More and more people move into freelance work, contract work, part time work, project work or all of the above. The result is that there is a little income from here, a little from there, an occasional income from somewhere else. Sometimes it’s a salary, from another project it can be a commission, from a small business it’s a profit. There might be some rent coming in from our first studio. This situation can become hectic in terms of how we work, but it can also allow time for jogging, for reading, for family, much more than what a normal job would allow. In a way, it’s less stable. But it’s also less risky, as not all the eggs are in the same basket.
Some people get to this situation by reducing the time they spend on their regular job, while young people might get into this situation because they simply can’t find a full time job, so they help here and there or they try out an idea.

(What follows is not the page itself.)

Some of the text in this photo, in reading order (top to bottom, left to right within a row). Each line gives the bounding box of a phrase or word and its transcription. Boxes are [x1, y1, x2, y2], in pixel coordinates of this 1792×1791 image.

If you’re a leader and you need to get some work done, don’t think that employing a few more people is the only way to go. Be innovative in your search for talent. Agree on a project result with someone and stick a reward to that project. Don’t promise employment and retirement packages. If there’s someone in your team that you don’t want there in the long run but whom you don’t want to just let go, set up a project based co-operation. It’s a nice way out, that allows them an income while they look for something else.

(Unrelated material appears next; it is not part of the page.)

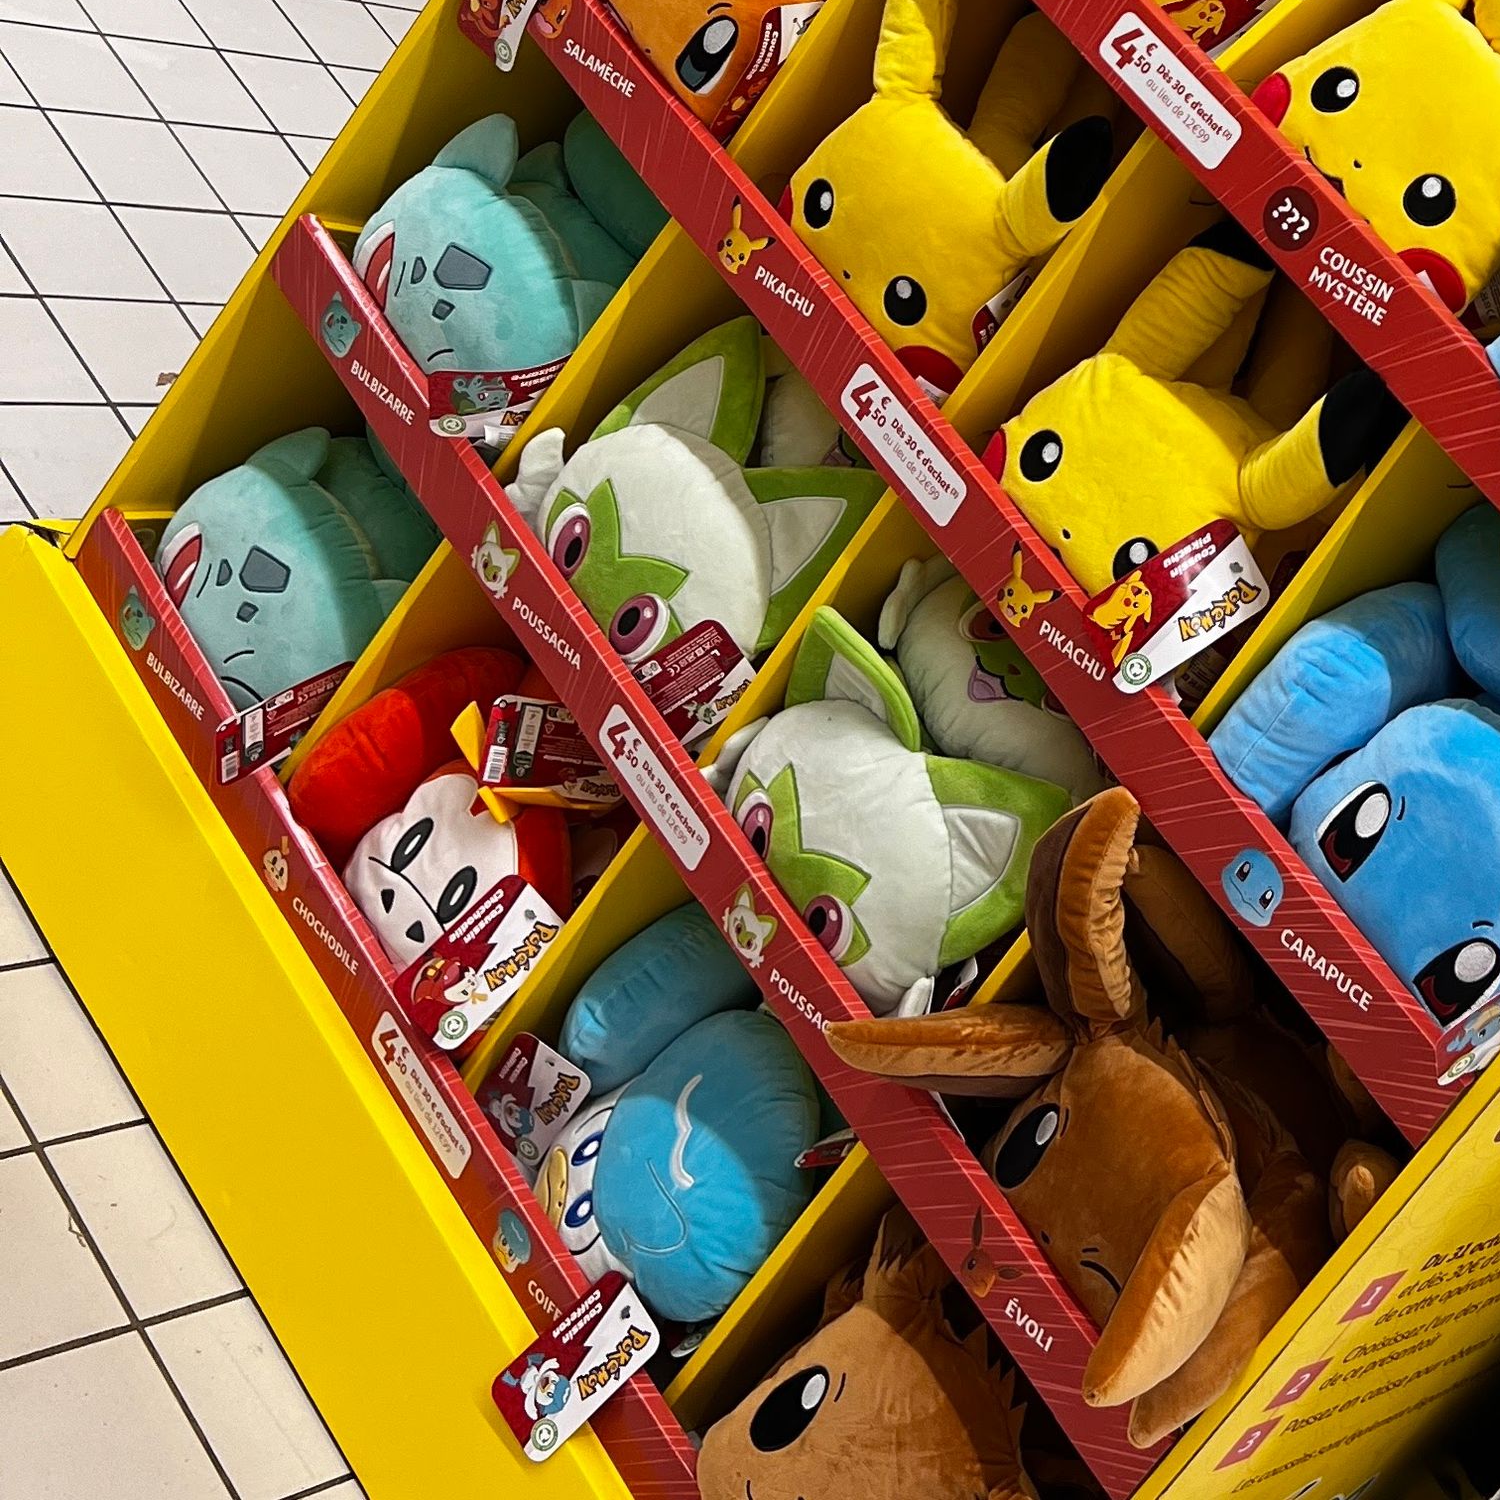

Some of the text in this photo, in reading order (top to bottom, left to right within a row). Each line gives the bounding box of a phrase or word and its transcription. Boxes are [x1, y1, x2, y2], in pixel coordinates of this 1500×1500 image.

If you think about yourself, see how this trend sounds like to you. Can you picture yourself in the context described above? Do you feel it would give you wings? Can you afford not to have a stable source of income? Or does this scenario scare you?
Think about it. 10 or 20 years ago, making a decent living like this would not have been easy at all. Now, with the emergence of the service industries and with the explosion of the means to stay in touch, to promote yourself and to add value, it’s doable. But to succeed, you must really be good at something. Whether it’s graphic design, social media, coaching others on public speaking, business restructuring or what have you, you need to have a strong pillar to be able to benefit from this trend. Contrary to what people are tempted to imagine, you don’t need to be good at 10 things to succeed with this trend, but you need to be unbelievably good at one. And passionate about it. Then projects will come. And with them, joy. And also money.
If you think this is not for you, don’t exclude it entirely from your mind. Your employer might surprise you one day.